**WHAT NEEDS TO BE DONE**
Repeat the records in full, exactly.

**MATERIAL FOR THIS EXERCISE**

=== Begin Enclosure ===

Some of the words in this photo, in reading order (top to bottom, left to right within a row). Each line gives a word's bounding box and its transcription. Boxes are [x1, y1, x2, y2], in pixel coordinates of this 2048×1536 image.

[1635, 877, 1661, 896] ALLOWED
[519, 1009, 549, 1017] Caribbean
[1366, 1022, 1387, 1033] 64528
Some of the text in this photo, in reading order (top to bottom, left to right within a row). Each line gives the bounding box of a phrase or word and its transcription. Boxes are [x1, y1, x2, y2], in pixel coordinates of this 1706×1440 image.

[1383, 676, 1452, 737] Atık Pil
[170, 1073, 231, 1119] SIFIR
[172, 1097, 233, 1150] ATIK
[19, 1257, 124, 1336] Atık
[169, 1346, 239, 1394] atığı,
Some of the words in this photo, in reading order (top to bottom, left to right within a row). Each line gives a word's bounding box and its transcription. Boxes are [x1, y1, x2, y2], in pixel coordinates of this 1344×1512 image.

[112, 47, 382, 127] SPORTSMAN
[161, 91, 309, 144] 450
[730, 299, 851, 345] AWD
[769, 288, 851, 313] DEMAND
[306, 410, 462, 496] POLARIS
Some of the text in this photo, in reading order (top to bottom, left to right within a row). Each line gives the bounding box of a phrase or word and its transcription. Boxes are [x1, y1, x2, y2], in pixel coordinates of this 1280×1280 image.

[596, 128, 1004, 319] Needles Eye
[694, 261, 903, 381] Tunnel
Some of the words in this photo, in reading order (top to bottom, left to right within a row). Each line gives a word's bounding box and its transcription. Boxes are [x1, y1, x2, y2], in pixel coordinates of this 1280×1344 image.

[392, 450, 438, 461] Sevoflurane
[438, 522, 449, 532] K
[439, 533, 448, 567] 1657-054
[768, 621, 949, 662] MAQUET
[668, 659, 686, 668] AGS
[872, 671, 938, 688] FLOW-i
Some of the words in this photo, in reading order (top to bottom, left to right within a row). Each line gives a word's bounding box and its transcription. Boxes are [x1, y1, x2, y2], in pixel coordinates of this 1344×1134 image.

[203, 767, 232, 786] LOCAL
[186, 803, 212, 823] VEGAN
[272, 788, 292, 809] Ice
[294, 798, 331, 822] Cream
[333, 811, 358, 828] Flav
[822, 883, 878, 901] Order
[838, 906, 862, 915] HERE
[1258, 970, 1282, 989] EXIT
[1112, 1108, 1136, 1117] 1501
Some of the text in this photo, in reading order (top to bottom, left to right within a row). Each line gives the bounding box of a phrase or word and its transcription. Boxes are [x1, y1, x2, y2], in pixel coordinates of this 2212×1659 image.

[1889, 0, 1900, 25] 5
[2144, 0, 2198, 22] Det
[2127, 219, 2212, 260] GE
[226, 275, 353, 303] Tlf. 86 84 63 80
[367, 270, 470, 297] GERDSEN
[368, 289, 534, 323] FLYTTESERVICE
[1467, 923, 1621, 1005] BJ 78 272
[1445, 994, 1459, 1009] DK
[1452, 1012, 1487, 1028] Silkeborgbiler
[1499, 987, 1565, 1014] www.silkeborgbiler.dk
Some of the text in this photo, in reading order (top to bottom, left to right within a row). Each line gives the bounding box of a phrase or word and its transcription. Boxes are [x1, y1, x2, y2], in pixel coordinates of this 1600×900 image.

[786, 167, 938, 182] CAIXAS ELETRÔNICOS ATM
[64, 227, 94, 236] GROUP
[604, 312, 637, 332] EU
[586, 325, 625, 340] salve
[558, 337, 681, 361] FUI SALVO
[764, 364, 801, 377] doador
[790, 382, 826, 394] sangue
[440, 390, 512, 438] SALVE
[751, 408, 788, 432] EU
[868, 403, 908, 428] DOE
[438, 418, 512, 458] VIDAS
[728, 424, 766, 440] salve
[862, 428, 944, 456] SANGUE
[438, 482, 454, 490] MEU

=== End Enclosure ===

**SOLUTION TO THIS PROBLEM**
Some of the words in this photo, in reading order (top to bottom, left to right within a row). Each line gives a word's bounding box and its transcription. Boxes are [x1, y1, x2, y2], in pixel coordinates of this 2048×1536 image.

[1635, 877, 1661, 896] ALLOWED
[519, 1009, 549, 1017] Caribbean
[1366, 1022, 1387, 1033] 64528
Some of the text in this photo, in reading order (top to bottom, left to right within a row). Each line gives the bounding box of a phrase or word and its transcription. Boxes are [x1, y1, x2, y2], in pixel coordinates of this 1706×1440 image.

[1383, 676, 1452, 737] Atık Pil
[170, 1073, 231, 1119] SIFIR
[172, 1097, 233, 1150] ATIK
[19, 1257, 124, 1336] Atık
[169, 1346, 239, 1394] atığı,
Some of the words in this photo, in reading order (top to bottom, left to right within a row). Each line gives a word's bounding box and its transcription. Boxes are [x1, y1, x2, y2], in pixel coordinates of this 1344×1512 image.

[112, 47, 382, 127] SPORTSMAN
[161, 91, 309, 144] 450
[730, 299, 851, 345] AWD
[769, 288, 851, 313] DEMAND
[306, 410, 462, 496] POLARIS
Some of the text in this photo, in reading order (top to bottom, left to right within a row). Each line gives the bounding box of a phrase or word and its transcription. Boxes are [x1, y1, x2, y2], in pixel coordinates of this 1280×1280 image.

[596, 128, 1004, 319] Needles Eye
[694, 261, 903, 381] Tunnel
Some of the words in this photo, in reading order (top to bottom, left to right within a row). Each line gives a word's bounding box and its transcription. Boxes are [x1, y1, x2, y2], in pixel coordinates of this 1280×1344 image.

[392, 450, 438, 461] Sevoflurane
[438, 522, 449, 532] K
[439, 533, 448, 567] 1657-054
[768, 621, 949, 662] MAQUET
[668, 659, 686, 668] AGS
[872, 671, 938, 688] FLOW-i
Some of the words in this photo, in reading order (top to bottom, left to right within a row). Each line gives a word's bounding box and its transcription. Boxes are [x1, y1, x2, y2], in pixel coordinates of this 1344×1134 image.

[203, 767, 232, 786] LOCAL
[186, 803, 212, 823] VEGAN
[272, 788, 292, 809] Ice
[294, 798, 331, 822] Cream
[333, 811, 358, 828] Flav
[822, 883, 878, 901] Order
[838, 906, 862, 915] HERE
[1258, 970, 1282, 989] EXIT
[1112, 1108, 1136, 1117] 1501
Some of the text in this photo, in reading order (top to bottom, left to right within a row). Each line gives the bounding box of a phrase or word and its transcription. Boxes are [x1, y1, x2, y2], in pixel coordinates of this 2212×1659 image.

[1889, 0, 1900, 25] 5
[2144, 0, 2198, 22] Det
[2127, 219, 2212, 260] GE
[226, 275, 353, 303] Tlf. 86 84 63 80
[367, 270, 470, 297] GERDSEN
[368, 289, 534, 323] FLYTTESERVICE
[1467, 923, 1621, 1005] BJ 78 272
[1445, 994, 1459, 1009] DK
[1452, 1012, 1487, 1028] Silkeborgbiler
[1499, 987, 1565, 1014] www.silkeborgbiler.dk
Some of the text in this photo, in reading order (top to bottom, left to right within a row). Each line gives the bounding box of a phrase or word and its transcription. Boxes are [x1, y1, x2, y2], in pixel coordinates of this 1600×900 image.

[786, 167, 938, 182] CAIXAS ELETRÔNICOS ATM
[64, 227, 94, 236] GROUP
[604, 312, 637, 332] EU
[586, 325, 625, 340] salve
[558, 337, 681, 361] FUI SALVO
[764, 364, 801, 377] doador
[790, 382, 826, 394] sangue
[440, 390, 512, 438] SALVE
[751, 408, 788, 432] EU
[868, 403, 908, 428] DOE
[438, 418, 512, 458] VIDAS
[728, 424, 766, 440] salve
[862, 428, 944, 456] SANGUE
[438, 482, 454, 490] MEU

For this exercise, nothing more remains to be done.